Tom Brady looked for and hugged his sisters (I guess before he married the supermodel?). Dick Vermeil loves his wife AND his grandkids. Ray Lewis loves everybody. Big muscley guys hug their moms and dads, kiss their stunning wives, and cradle their babies, after a win OR a loss. And it is beautiful.
“You are why they make these videos,” my husband tells me at the end of every one of these sports specials. If I watch the pre-game show of a game I otherwise could not give two hoots about, I am suddenly pulling for the guy who overcame something terrible to get where he is today. I am now his number one fan, and anybody who roots against him has no soul. (Full disclosure – I may have also once cried while watching the ESPY’s.)
I left Jacob to his stats and analysis of a game that was two days in the books and retreated online only to find stories of a good Samaritan handing out $5000 checks to waitresses struggling to pay for their educations; a school custodian who completed his own higher education during his few off-hours, only to work his way up to teacher, and finally principal overlooking the same classrooms he had once cleaned. There was the 13-year-old with strong pipes and a dream crushing a Nina Simone song; a philanthropic couple picking up the cost of San Francisco going all out to celebrate Bat Kid; a dog and a cat being best friends; and God knows how many people saving other people from train tracks.
Thanks to the Superbowl, this week I’ve already watched, re-watched and re-wept at the (somehow controversial) Coca-Cola ad during which “America the Beautiful” is sung in different languages and the sweet Cheerios ad with the (somehow controversial) biracial family. Don’t even get me started on the puppy and the Clydesdale.

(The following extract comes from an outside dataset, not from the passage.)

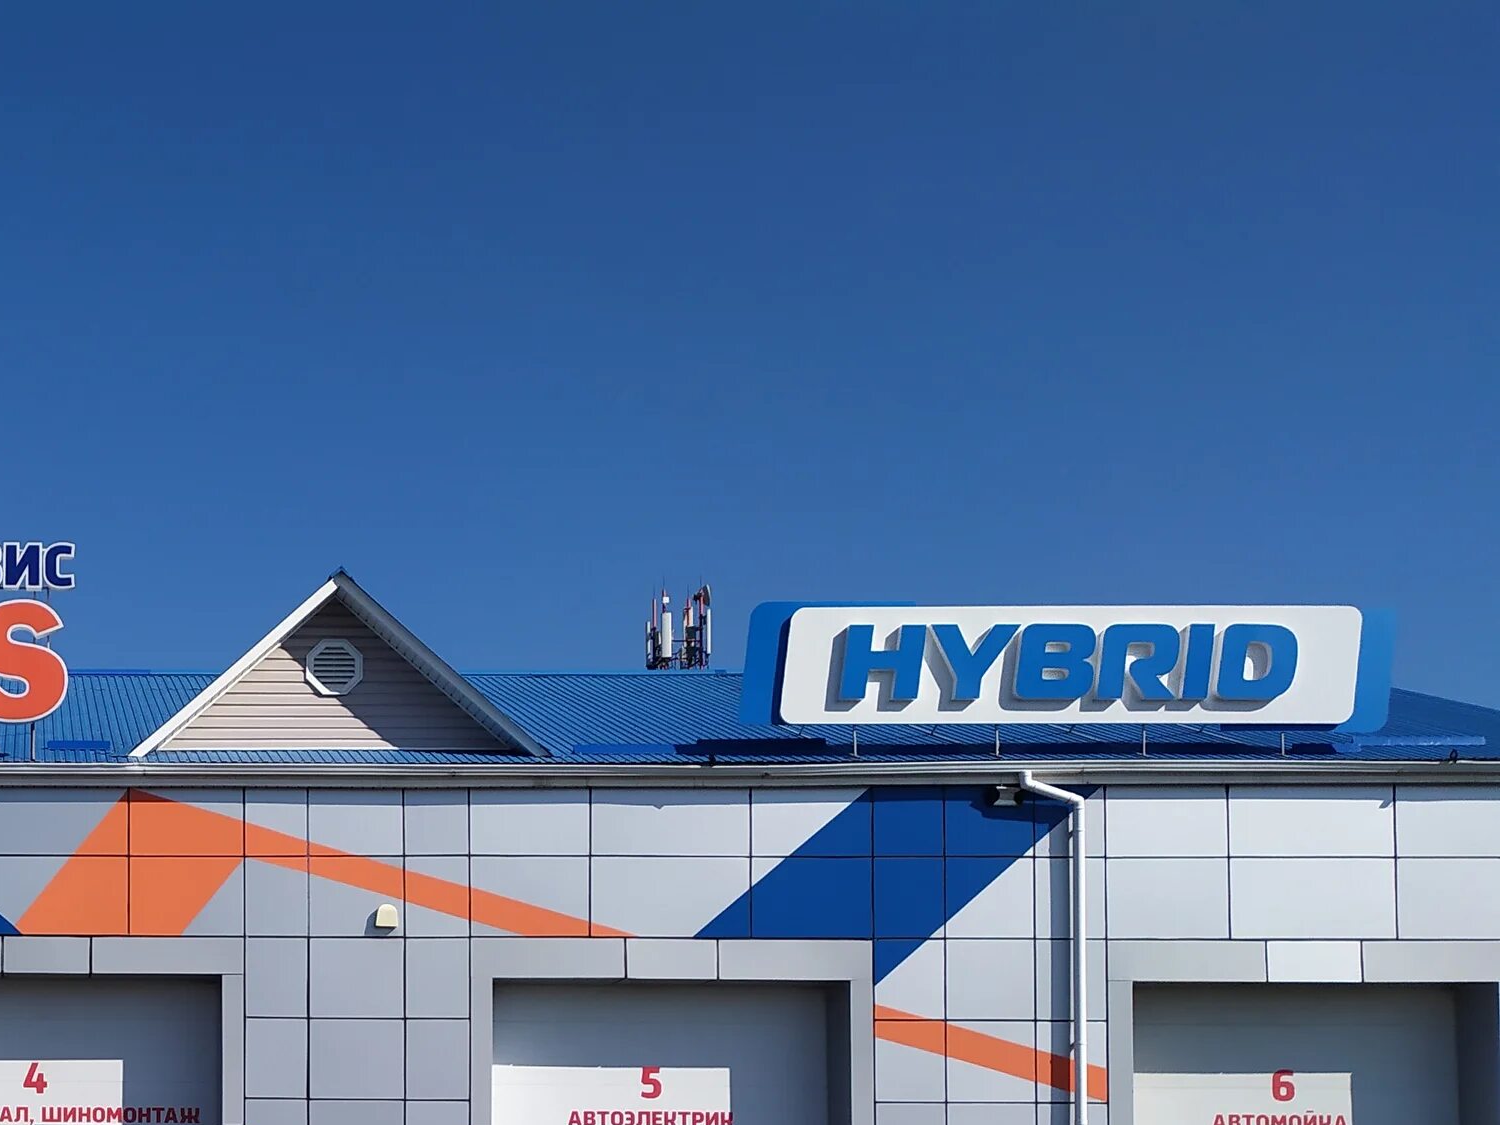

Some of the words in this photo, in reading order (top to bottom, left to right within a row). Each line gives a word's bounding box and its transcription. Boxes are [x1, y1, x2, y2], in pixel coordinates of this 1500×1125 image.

My heartstrings are all stretched out and exhausted…exhausted, but happy. Which reminds me that Pharrell’s appropriately named anthem for happiness, “Happy,” is practically guaranteed to play on the car radio at some point of your commute.
Goodness isn’t new, but I pray to God it’s just extra noticeable this week, and not simply trending.
Maybe we all just need a healthy dose of nice. Perhaps there is something in our DNA that seeks out good when overwhelmed by the icky, the bleak and the #RichKidsofBeverlyHills. Maybe we are all just collectively looking for the anecdote for the snarkiness, cynicism, grumpiness, injustice, and sadness we see in real life and whenever we turn on anything with a screen. I don’t know, maybe we all just have a bad feeling about these Olympics.
It’s ok to admit that sometimes we want a good cry for a good reason. Being touched so deeply by something we simply see reminds us that we are capable of all kinds of feelings – not just anger, amusement, or “meh,” – but also forward-looking hope and backward-looking gratitude. There is still a lot of love out there floating around, and it’s ours to take, and share.